The only question is why Kleindiek should succeed, which has not been the case in previous years. The coalition agreement of the last Senate already said: “The coalition will ensure that the city functions.” Then came election day. Because the administrative confusion is supported by another Berlin peculiarity: the city councilors, in the districts responsible for health or economy, for example, are appointed by the parties. They are rarely trained in administration, but enjoy maximum independence. In other words, when something goes well in Berlin, it rarely has structural reasons. It mainly depends on the commitment of those involved.

An office in the Friedrichshain-Kreuzberg district office – the interior design of some authorities leaves a lot to be desired.

(Photo: Britta Pedersen/dpa)

Detlef Gottschalck calls this “administrative disorder”. Gottschalck was head of the Senate Chancellery in Hamburg under CDU Mayor Christoph Ahlhaus. In Berlin, he worked on administrative reform for the last Senate and is still working on the subject at the Stiftung Zukunft Berlin, funded by several companies. “There’s no lack of analysis. There’s actually no lack of recipes either. Above all, there’s a lack of implementation,” he says. But this time “hope is high: The start is already more convincing. The motivation is also higher.”
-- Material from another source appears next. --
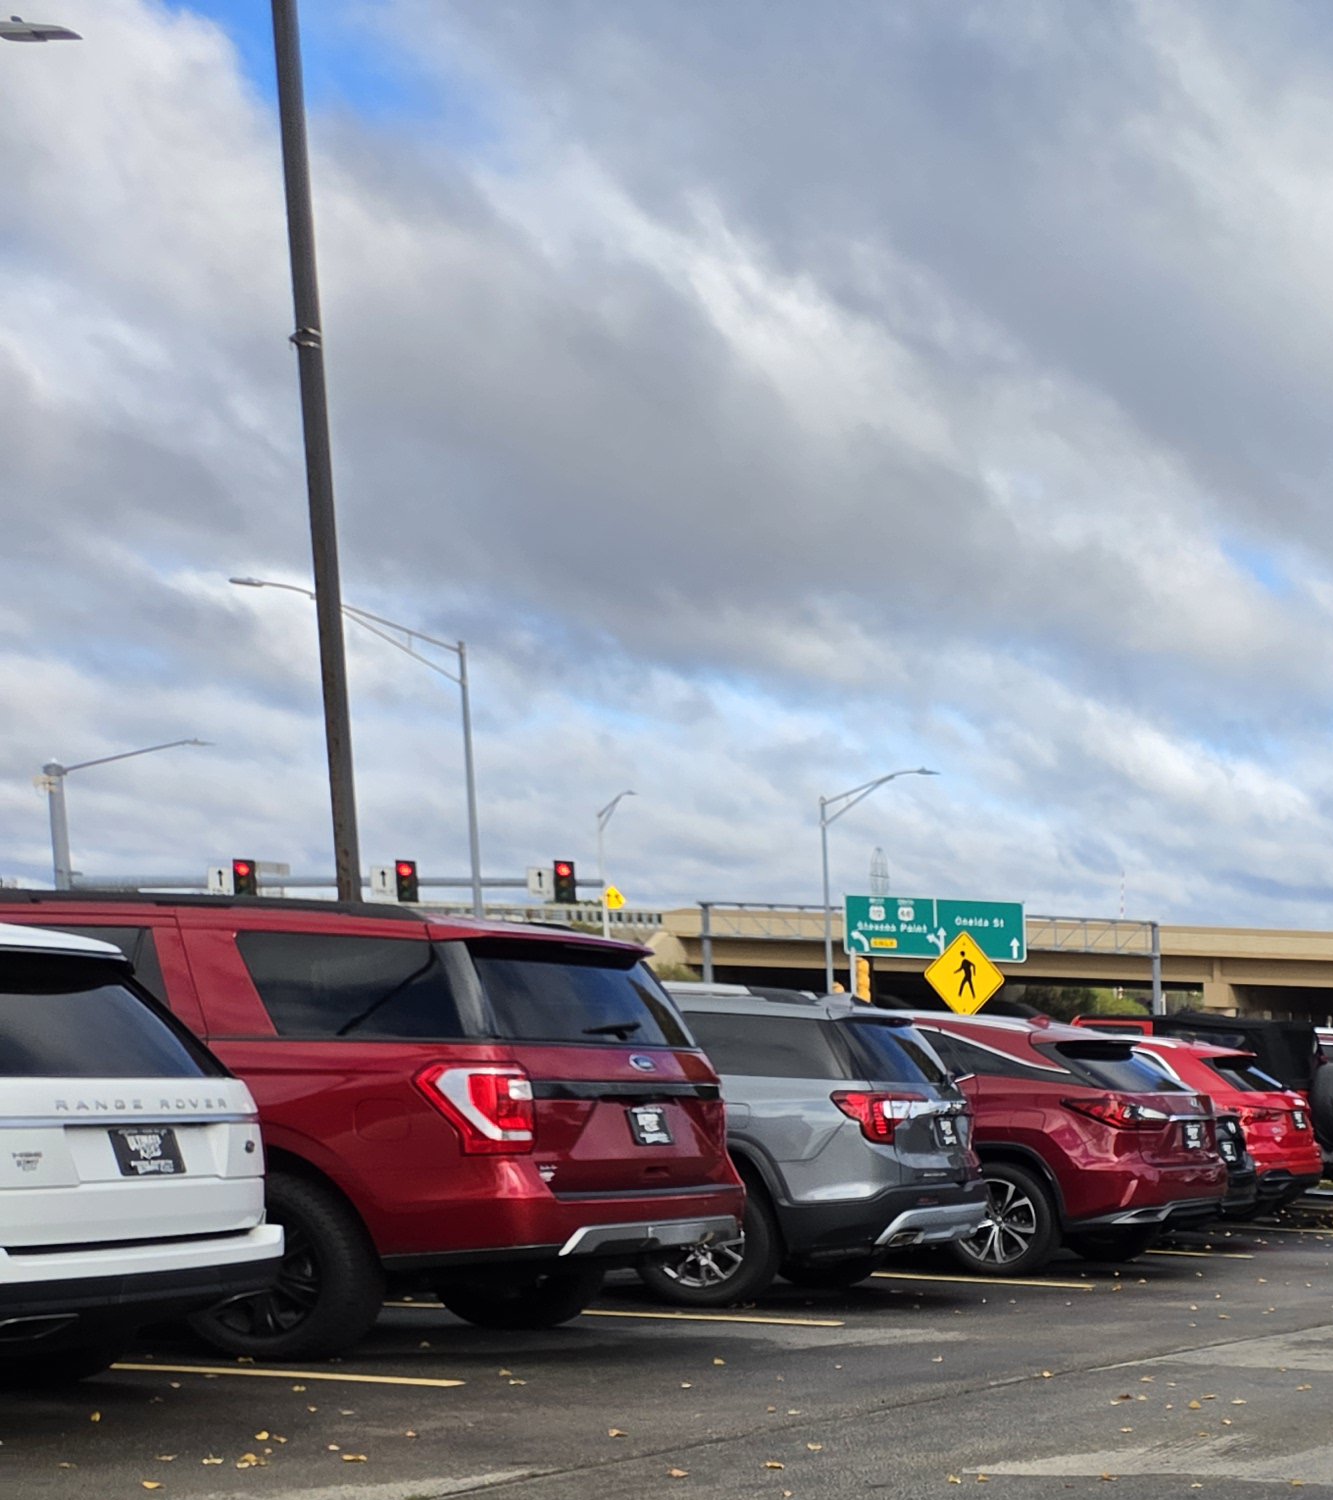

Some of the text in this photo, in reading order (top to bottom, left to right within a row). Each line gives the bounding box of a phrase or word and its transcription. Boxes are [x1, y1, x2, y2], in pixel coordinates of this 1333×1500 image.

[955, 916, 1004, 928] Oneida St
[900, 923, 928, 934] Point
[55, 1098, 227, 1110] RANGE ROVER
Cindy Beiersdorf and her employees are not lacking in commitment either. Since spring, the Citizens’ Registration Office in Steglitz-Zehlendorf has been open three hours longer per week. Even the security guards who are still here from Corona times help out, says Beiersdorf. For example with translations. And even if a citizen comes without an appointment, one would try to help him. “No one is simply sent away here.”

Now Cindy Beiersdorf and Ralf Kleindiek just have to get together. Then things could even go quite well in Berlin.